===== The data =====
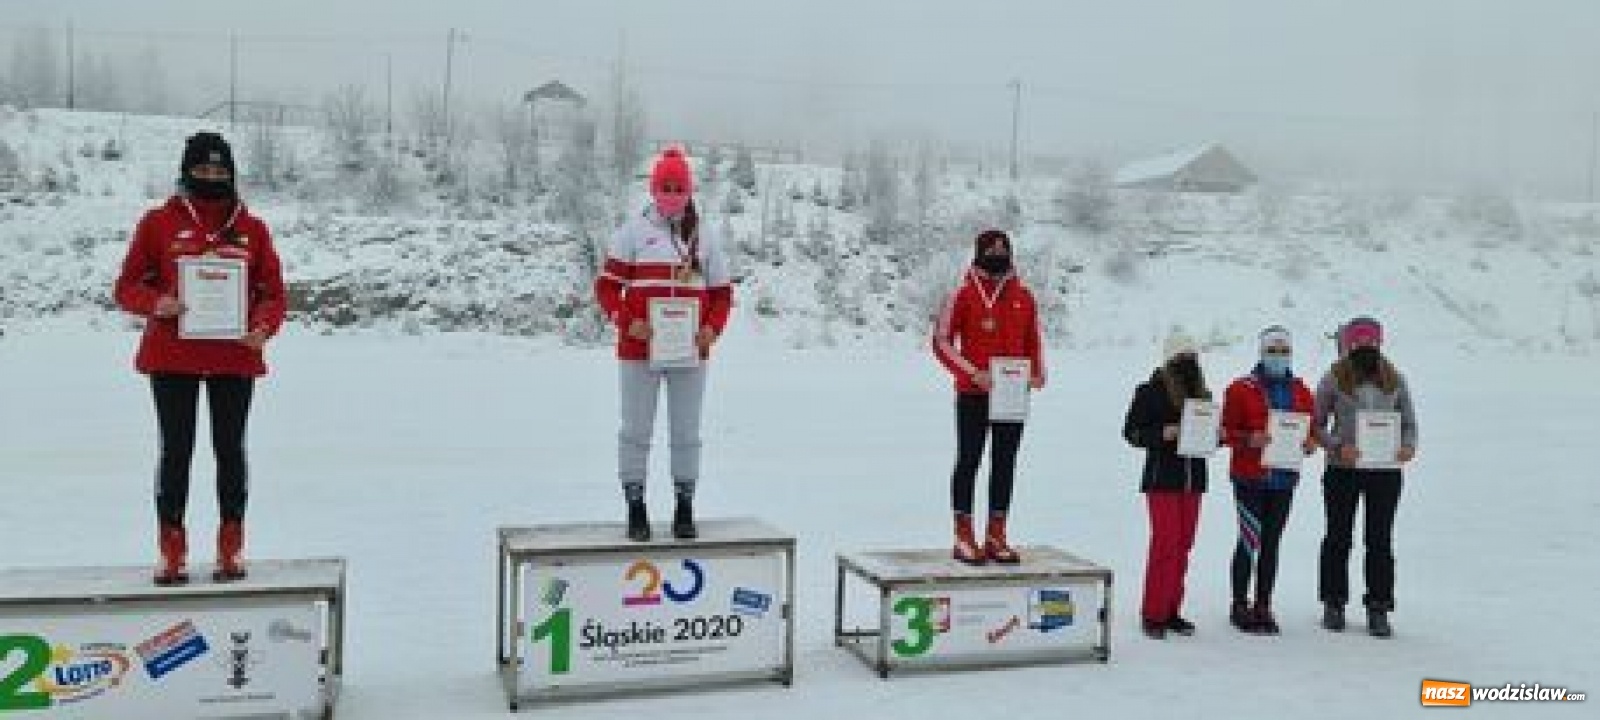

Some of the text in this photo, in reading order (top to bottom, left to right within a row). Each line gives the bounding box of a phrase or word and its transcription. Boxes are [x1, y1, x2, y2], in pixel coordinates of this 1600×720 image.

[531, 608, 571, 674] 1
[580, 615, 744, 650] Śląskie 2020
[891, 597, 934, 656] 3
[0, 635, 52, 710] 2
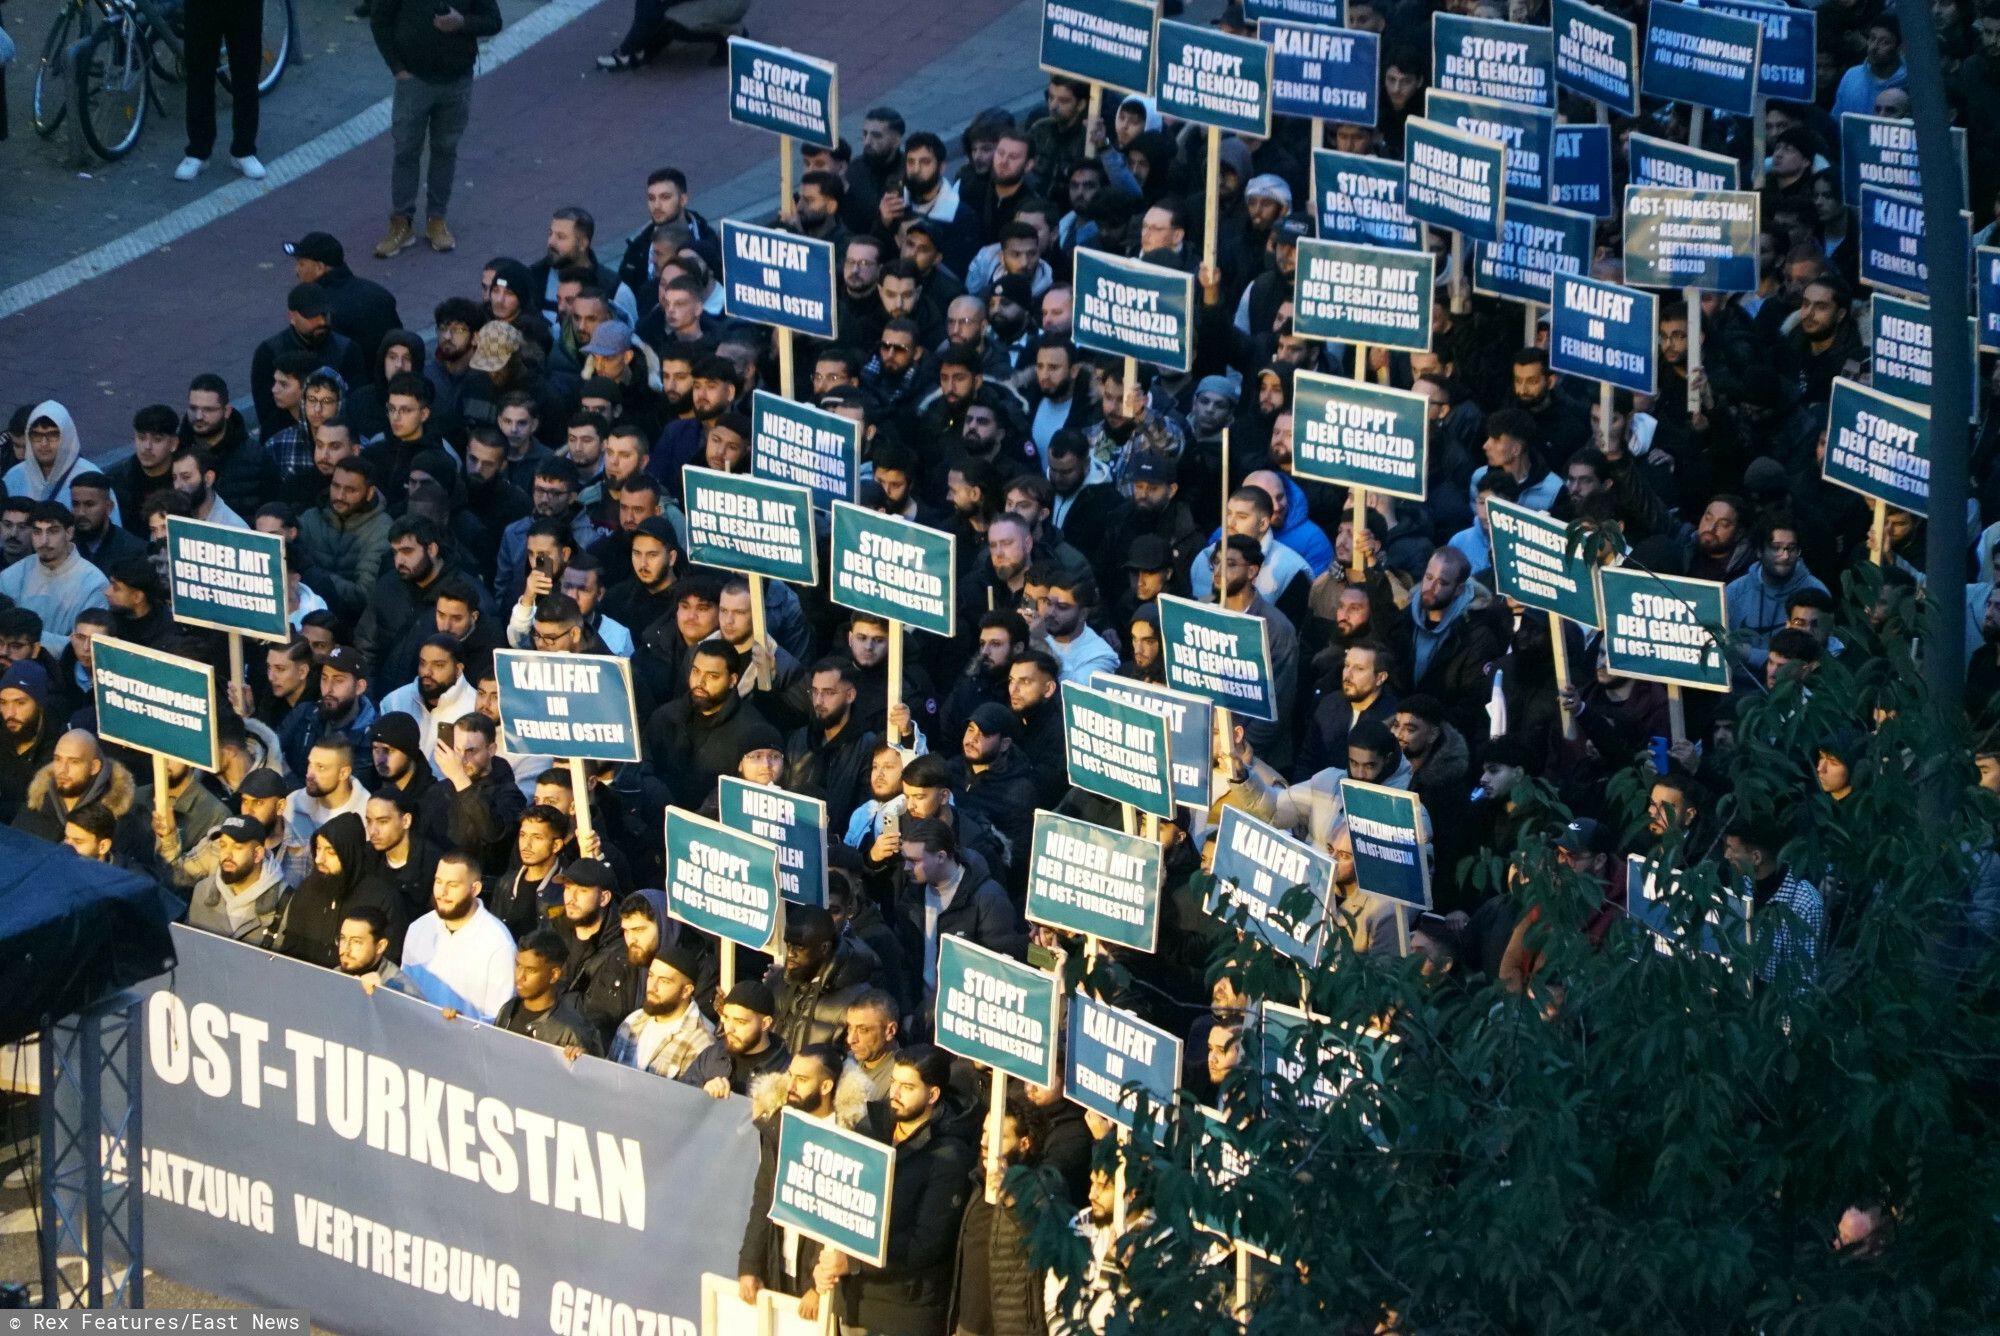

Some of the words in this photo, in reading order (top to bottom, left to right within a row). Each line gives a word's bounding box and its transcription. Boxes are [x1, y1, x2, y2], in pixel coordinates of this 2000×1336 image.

[1047, 4, 1149, 46] SCHUTZKAMPAGNE
[1570, 18, 1614, 55] STOPPT
[1183, 44, 1242, 77] STOPPT
[1274, 28, 1354, 62] KALIFAT
[1461, 36, 1528, 64] STOPPT
[1560, 34, 1580, 55] DEN
[1581, 45, 1627, 80] GENOZID
[1651, 26, 1753, 63] SCHUTZKAMPAGNE
[753, 58, 809, 94] STOPPT
[1168, 63, 1193, 86] DEN
[1197, 71, 1259, 101] GENOZID
[1303, 62, 1321, 80] IM
[1442, 75, 1454, 90] IN
[1456, 77, 1547, 104] OST-TURKESTAN
[1446, 55, 1475, 77] DEN
[1478, 60, 1545, 87] GENOZID
[1761, 63, 1805, 84] OSTEN
[736, 94, 746, 110] IN
[748, 99, 825, 134] OST-TURKESTAN
[741, 75, 764, 99] DEN
[768, 85, 821, 117] GENOZID
[1163, 84, 1173, 101] IN
[1175, 87, 1259, 119] OST-TURKESTAN
[1322, 87, 1367, 109] OSTEN
[1414, 141, 1457, 176] NIEDER
[1460, 157, 1490, 184] MIT
[1641, 156, 1693, 188] NIEDER
[1697, 171, 1725, 190] MIT
[1337, 171, 1398, 201] STOPPT
[1410, 163, 1428, 186] DER
[1428, 170, 1490, 203] BESATZUNG
[1409, 182, 1418, 199] IN
[1419, 186, 1490, 222] OST-TURKESTAN
[1630, 196, 1753, 222] OST-TURKESTAN:
[1324, 213, 1335, 229] IN
[1504, 220, 1565, 252] STOPPT
[1659, 223, 1721, 239] BESATZUNG
[736, 232, 809, 272] KALIFAT
[1658, 241, 1733, 259] VERTREIBUNG
[1900, 236, 1917, 255] IM
[763, 268, 780, 288] IM
[1310, 258, 1378, 288] NIEDER
[1382, 268, 1419, 292] MIT
[1481, 260, 1493, 276] IN
[1658, 259, 1705, 273] GENOZID
[1870, 250, 1916, 279] FERNEN
[735, 283, 781, 311] FERNEN
[783, 295, 823, 321] OSTEN
[1098, 277, 1159, 312] STOPPT
[1302, 280, 1330, 300] DER
[1334, 285, 1418, 312] BESATZUNG
[1565, 281, 1633, 324] KALIFAT
[1080, 314, 1091, 330] IN
[1092, 320, 1179, 352] OST-TURKESTAN
[1085, 294, 1109, 320] DEN
[1112, 304, 1178, 335] GENOZID
[1301, 300, 1315, 316] IN
[1318, 303, 1419, 329] OST-TURKESTAN
[1588, 319, 1604, 340] IM
[1561, 335, 1603, 363] FERNEN
[1606, 348, 1644, 374] OSTEN
[763, 412, 812, 447] NIEDER
[816, 429, 845, 457] MIT
[1325, 400, 1397, 434] STOPPT
[1856, 411, 1919, 452] STOPPT
[757, 434, 777, 456] DER
[781, 441, 845, 478] BESATZUNG
[1306, 420, 1339, 445] DEN
[1342, 428, 1414, 459] GENOZID
[1832, 448, 1844, 465] IN
[1839, 427, 1866, 455] DEN
[757, 454, 767, 470] IN
[769, 458, 846, 496] OST-TURKESTAN
[1301, 442, 1314, 459] IN
[1316, 446, 1416, 478] OST-TURKESTAN
[697, 488, 758, 520] NIEDER
[761, 500, 796, 525] MIT
[691, 511, 717, 531] DER
[720, 516, 800, 545] BESATZUNG
[179, 537, 236, 569] NIEDER
[239, 549, 270, 574] MIT
[692, 530, 707, 544] IN
[709, 533, 802, 564] OST-TURKESTAN
[859, 530, 925, 570] STOPPT
[175, 561, 199, 578] DER
[202, 567, 273, 596] BESATZUNG
[844, 550, 872, 574] DEN
[875, 561, 941, 597] GENOZID
[177, 581, 189, 598] IN
[190, 585, 276, 615] OST-TURKESTAN
[840, 571, 852, 588] IN
[854, 576, 944, 616] OST-TURKESTAN
[1632, 592, 1696, 623] STOPPT
[1184, 622, 1237, 657] STOPPT
[1617, 614, 1646, 639] DEN
[1173, 643, 1198, 667] DEN
[1199, 652, 1259, 682] GENOZID
[1614, 638, 1627, 654] IN
[97, 668, 207, 715] SCHUTZKAMPAGNE
[511, 662, 600, 693] KALIFAT
[1172, 665, 1182, 682] IN
[1183, 670, 1262, 701] OST-TURKESTAN
[547, 697, 569, 716] IM
[513, 719, 570, 741] FERNEN
[572, 723, 624, 743] OSTEN
[1072, 705, 1123, 741] NIEDER
[1125, 721, 1155, 754] MIT
[1070, 727, 1091, 753] DER
[1092, 738, 1158, 775] BESATZUNG
[1072, 749, 1082, 767] IN
[1083, 755, 1161, 795] OST-TURKESTAN
[743, 789, 795, 826] NIEDER
[752, 820, 768, 837] MIT
[770, 826, 786, 841] DER
[689, 840, 749, 882] STOPPT
[1046, 831, 1108, 873] NIEDER
[1110, 851, 1146, 882] MIT
[1231, 821, 1310, 884] KALIFAT
[677, 859, 702, 888] DEN
[703, 871, 768, 910] GENOZID
[1037, 855, 1062, 882] DER
[1065, 866, 1145, 905] BESATZUNG
[1253, 870, 1272, 897] IM
[672, 882, 683, 901] IN
[684, 887, 768, 932] OST-TURKESTAN
[1036, 876, 1048, 898] IN
[1049, 883, 1144, 926] OST-TURKESTAN
[964, 968, 1027, 1014] STOPPT
[947, 987, 975, 1019] DEN
[977, 1001, 1042, 1044] GENOZID
[943, 1012, 954, 1032] IN
[955, 1017, 1043, 1065] OST-TURKESTAN
[1084, 1004, 1156, 1066] KALIFAT
[1077, 1063, 1121, 1103] FERNEN
[1106, 1052, 1123, 1079] IM
[148, 990, 646, 1232] OST-TURKESTAN
[803, 1141, 863, 1187] STOPPT
[787, 1160, 814, 1193] DEN
[815, 1172, 876, 1217] GENOZID
[782, 1184, 793, 1204] IN
[794, 1191, 876, 1239] OST-TURKESTAN
[295, 1194, 519, 1318] VERTREIBUNG
=====
What you should do: Repeat the lines above exactly, and keep every picture out.

Solution to this task:
Some of the text in this photo, in reading order (top to bottom, left to right within a row). Each line gives the bounding box of a phrase or word and its transcription. Boxes are [x1, y1, x2, y2], in pixel coordinates of this 1600×720 image.

[531, 608, 571, 674] 1
[580, 615, 744, 650] Śląskie 2020
[891, 597, 934, 656] 3
[0, 635, 52, 710] 2

Some of the words in this photo, in reading order (top to bottom, left to right within a row). Each line gives a word's bounding box and its transcription. Boxes are [x1, y1, x2, y2], in pixel coordinates of this 2000×1336 image.

[1047, 4, 1149, 46] SCHUTZKAMPAGNE
[1570, 18, 1614, 55] STOPPT
[1183, 44, 1242, 77] STOPPT
[1274, 28, 1354, 62] KALIFAT
[1461, 36, 1528, 64] STOPPT
[1560, 34, 1580, 55] DEN
[1581, 45, 1627, 80] GENOZID
[1651, 26, 1753, 63] SCHUTZKAMPAGNE
[753, 58, 809, 94] STOPPT
[1168, 63, 1193, 86] DEN
[1197, 71, 1259, 101] GENOZID
[1303, 62, 1321, 80] IM
[1442, 75, 1454, 90] IN
[1456, 77, 1547, 104] OST-TURKESTAN
[1446, 55, 1475, 77] DEN
[1478, 60, 1545, 87] GENOZID
[1761, 63, 1805, 84] OSTEN
[736, 94, 746, 110] IN
[748, 99, 825, 134] OST-TURKESTAN
[741, 75, 764, 99] DEN
[768, 85, 821, 117] GENOZID
[1163, 84, 1173, 101] IN
[1175, 87, 1259, 119] OST-TURKESTAN
[1322, 87, 1367, 109] OSTEN
[1414, 141, 1457, 176] NIEDER
[1460, 157, 1490, 184] MIT
[1641, 156, 1693, 188] NIEDER
[1697, 171, 1725, 190] MIT
[1337, 171, 1398, 201] STOPPT
[1410, 163, 1428, 186] DER
[1428, 170, 1490, 203] BESATZUNG
[1409, 182, 1418, 199] IN
[1419, 186, 1490, 222] OST-TURKESTAN
[1630, 196, 1753, 222] OST-TURKESTAN:
[1324, 213, 1335, 229] IN
[1504, 220, 1565, 252] STOPPT
[1659, 223, 1721, 239] BESATZUNG
[736, 232, 809, 272] KALIFAT
[1658, 241, 1733, 259] VERTREIBUNG
[1900, 236, 1917, 255] IM
[763, 268, 780, 288] IM
[1310, 258, 1378, 288] NIEDER
[1382, 268, 1419, 292] MIT
[1481, 260, 1493, 276] IN
[1658, 259, 1705, 273] GENOZID
[1870, 250, 1916, 279] FERNEN
[735, 283, 781, 311] FERNEN
[783, 295, 823, 321] OSTEN
[1098, 277, 1159, 312] STOPPT
[1302, 280, 1330, 300] DER
[1334, 285, 1418, 312] BESATZUNG
[1565, 281, 1633, 324] KALIFAT
[1080, 314, 1091, 330] IN
[1092, 320, 1179, 352] OST-TURKESTAN
[1085, 294, 1109, 320] DEN
[1112, 304, 1178, 335] GENOZID
[1301, 300, 1315, 316] IN
[1318, 303, 1419, 329] OST-TURKESTAN
[1588, 319, 1604, 340] IM
[1561, 335, 1603, 363] FERNEN
[1606, 348, 1644, 374] OSTEN
[763, 412, 812, 447] NIEDER
[816, 429, 845, 457] MIT
[1325, 400, 1397, 434] STOPPT
[1856, 411, 1919, 452] STOPPT
[757, 434, 777, 456] DER
[781, 441, 845, 478] BESATZUNG
[1306, 420, 1339, 445] DEN
[1342, 428, 1414, 459] GENOZID
[1832, 448, 1844, 465] IN
[1839, 427, 1866, 455] DEN
[757, 454, 767, 470] IN
[769, 458, 846, 496] OST-TURKESTAN
[1301, 442, 1314, 459] IN
[1316, 446, 1416, 478] OST-TURKESTAN
[697, 488, 758, 520] NIEDER
[761, 500, 796, 525] MIT
[691, 511, 717, 531] DER
[720, 516, 800, 545] BESATZUNG
[179, 537, 236, 569] NIEDER
[239, 549, 270, 574] MIT
[692, 530, 707, 544] IN
[709, 533, 802, 564] OST-TURKESTAN
[859, 530, 925, 570] STOPPT
[175, 561, 199, 578] DER
[202, 567, 273, 596] BESATZUNG
[844, 550, 872, 574] DEN
[875, 561, 941, 597] GENOZID
[177, 581, 189, 598] IN
[190, 585, 276, 615] OST-TURKESTAN
[840, 571, 852, 588] IN
[854, 576, 944, 616] OST-TURKESTAN
[1632, 592, 1696, 623] STOPPT
[1184, 622, 1237, 657] STOPPT
[1617, 614, 1646, 639] DEN
[1173, 643, 1198, 667] DEN
[1199, 652, 1259, 682] GENOZID
[1614, 638, 1627, 654] IN
[97, 668, 207, 715] SCHUTZKAMPAGNE
[511, 662, 600, 693] KALIFAT
[1172, 665, 1182, 682] IN
[1183, 670, 1262, 701] OST-TURKESTAN
[547, 697, 569, 716] IM
[513, 719, 570, 741] FERNEN
[572, 723, 624, 743] OSTEN
[1072, 705, 1123, 741] NIEDER
[1125, 721, 1155, 754] MIT
[1070, 727, 1091, 753] DER
[1092, 738, 1158, 775] BESATZUNG
[1072, 749, 1082, 767] IN
[1083, 755, 1161, 795] OST-TURKESTAN
[743, 789, 795, 826] NIEDER
[752, 820, 768, 837] MIT
[770, 826, 786, 841] DER
[689, 840, 749, 882] STOPPT
[1046, 831, 1108, 873] NIEDER
[1110, 851, 1146, 882] MIT
[1231, 821, 1310, 884] KALIFAT
[677, 859, 702, 888] DEN
[703, 871, 768, 910] GENOZID
[1037, 855, 1062, 882] DER
[1065, 866, 1145, 905] BESATZUNG
[1253, 870, 1272, 897] IM
[672, 882, 683, 901] IN
[684, 887, 768, 932] OST-TURKESTAN
[1036, 876, 1048, 898] IN
[1049, 883, 1144, 926] OST-TURKESTAN
[964, 968, 1027, 1014] STOPPT
[947, 987, 975, 1019] DEN
[977, 1001, 1042, 1044] GENOZID
[943, 1012, 954, 1032] IN
[955, 1017, 1043, 1065] OST-TURKESTAN
[1084, 1004, 1156, 1066] KALIFAT
[1077, 1063, 1121, 1103] FERNEN
[1106, 1052, 1123, 1079] IM
[148, 990, 646, 1232] OST-TURKESTAN
[803, 1141, 863, 1187] STOPPT
[787, 1160, 814, 1193] DEN
[815, 1172, 876, 1217] GENOZID
[782, 1184, 793, 1204] IN
[794, 1191, 876, 1239] OST-TURKESTAN
[295, 1194, 519, 1318] VERTREIBUNG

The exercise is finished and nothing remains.